§ EXERCISE OBJECTIVE:
Please retype the records below exactly as they appear, but leave out the pictures.

§ RECORDS FOR THE TASK:

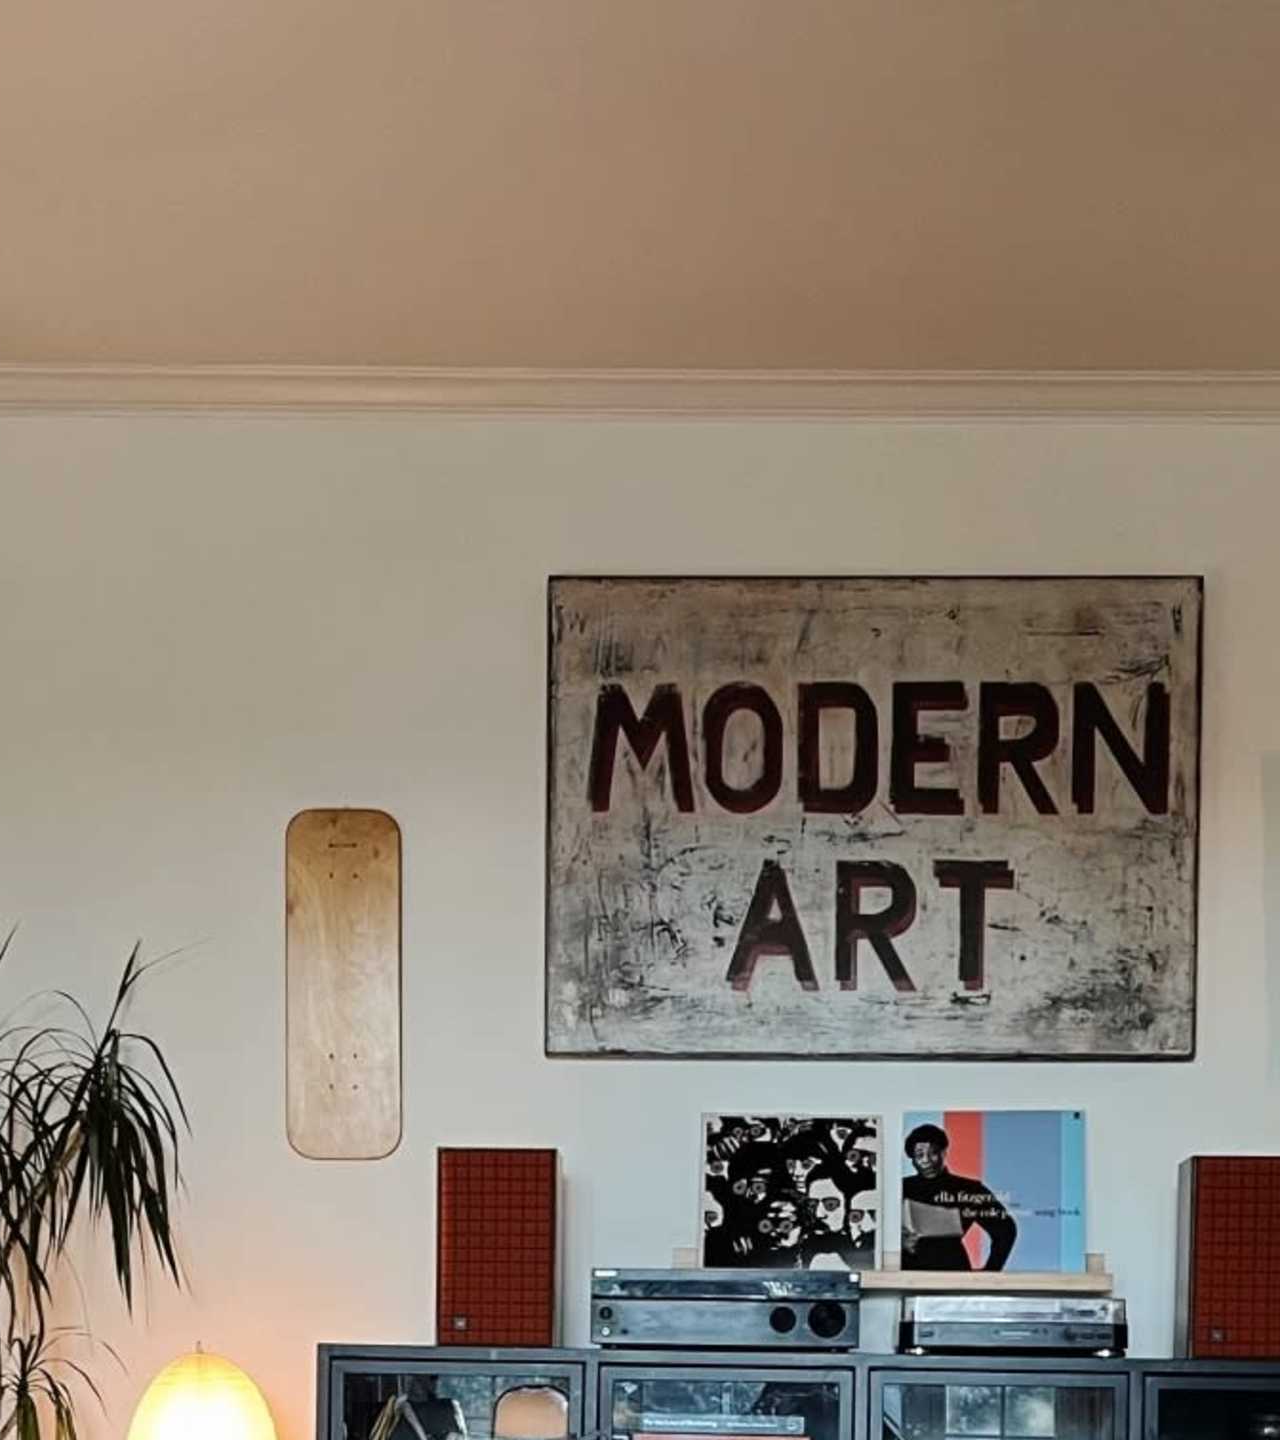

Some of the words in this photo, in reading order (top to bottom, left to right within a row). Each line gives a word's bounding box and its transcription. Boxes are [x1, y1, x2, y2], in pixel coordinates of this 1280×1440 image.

[587, 681, 1171, 816] MODERN
[725, 859, 1015, 992] ART
[934, 1191, 954, 1202] ella
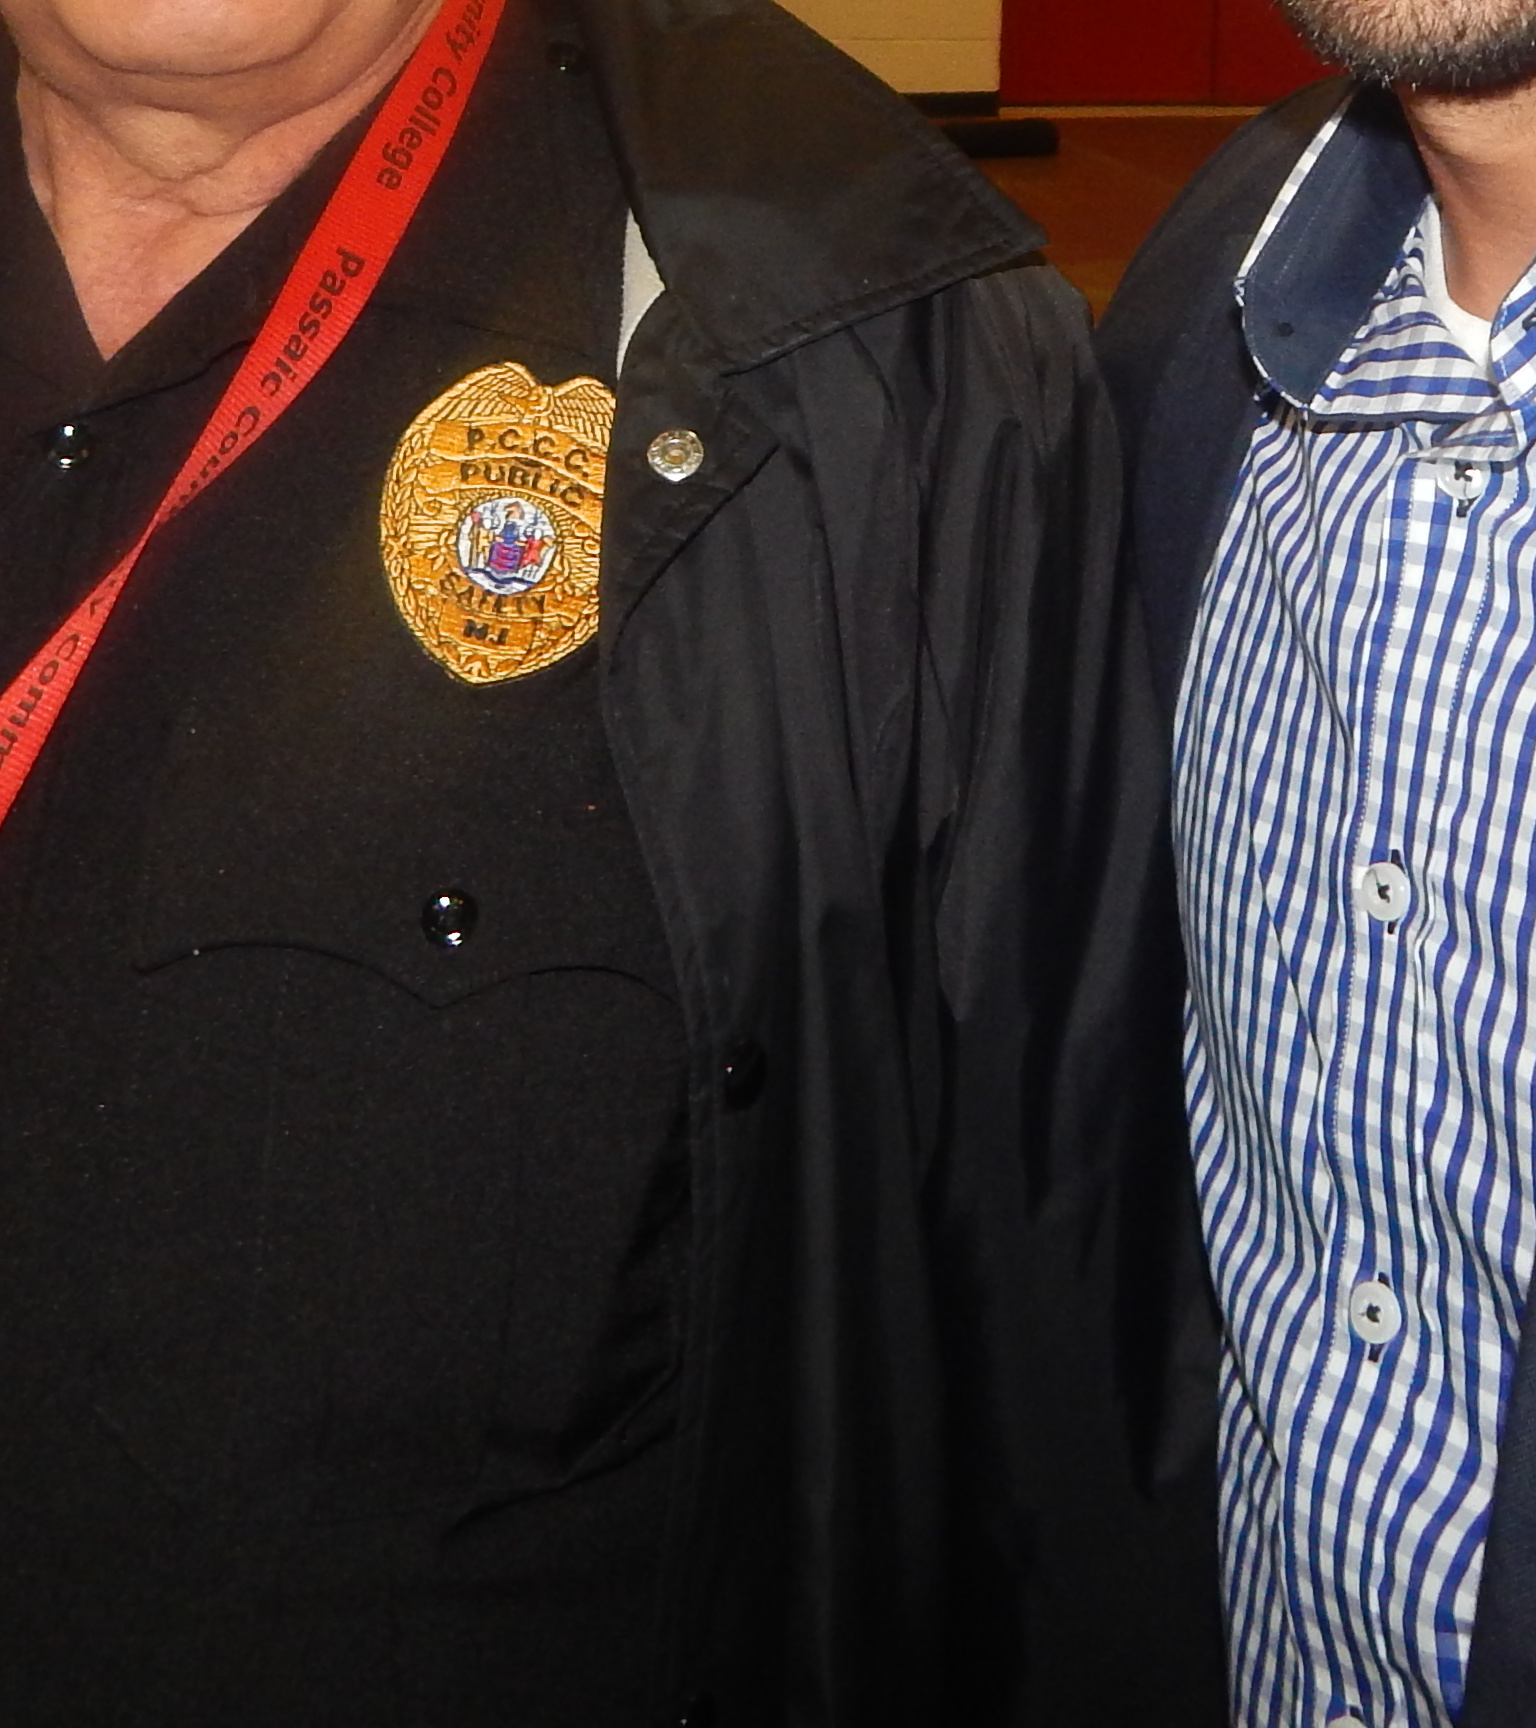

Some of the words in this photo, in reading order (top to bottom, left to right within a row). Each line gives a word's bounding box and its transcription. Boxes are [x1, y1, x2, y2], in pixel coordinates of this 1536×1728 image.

[377, 66, 458, 191] College
[260, 246, 366, 397] Passaic
[460, 462, 586, 509] PUBLIC

§ RESULT OF THIS EXERCISE:
Some of the words in this photo, in reading order (top to bottom, left to right within a row). Each line gives a word's bounding box and its transcription. Boxes are [x1, y1, x2, y2], in pixel coordinates of this 1280×1440 image.

[587, 681, 1171, 816] MODERN
[725, 859, 1015, 992] ART
[934, 1191, 954, 1202] ella

Some of the words in this photo, in reading order (top to bottom, left to right within a row). Each line gives a word's bounding box and its transcription. Boxes are [x1, y1, x2, y2], in pixel coordinates of this 1536×1728 image.

[377, 66, 458, 191] College
[260, 246, 366, 397] Passaic
[460, 462, 586, 509] PUBLIC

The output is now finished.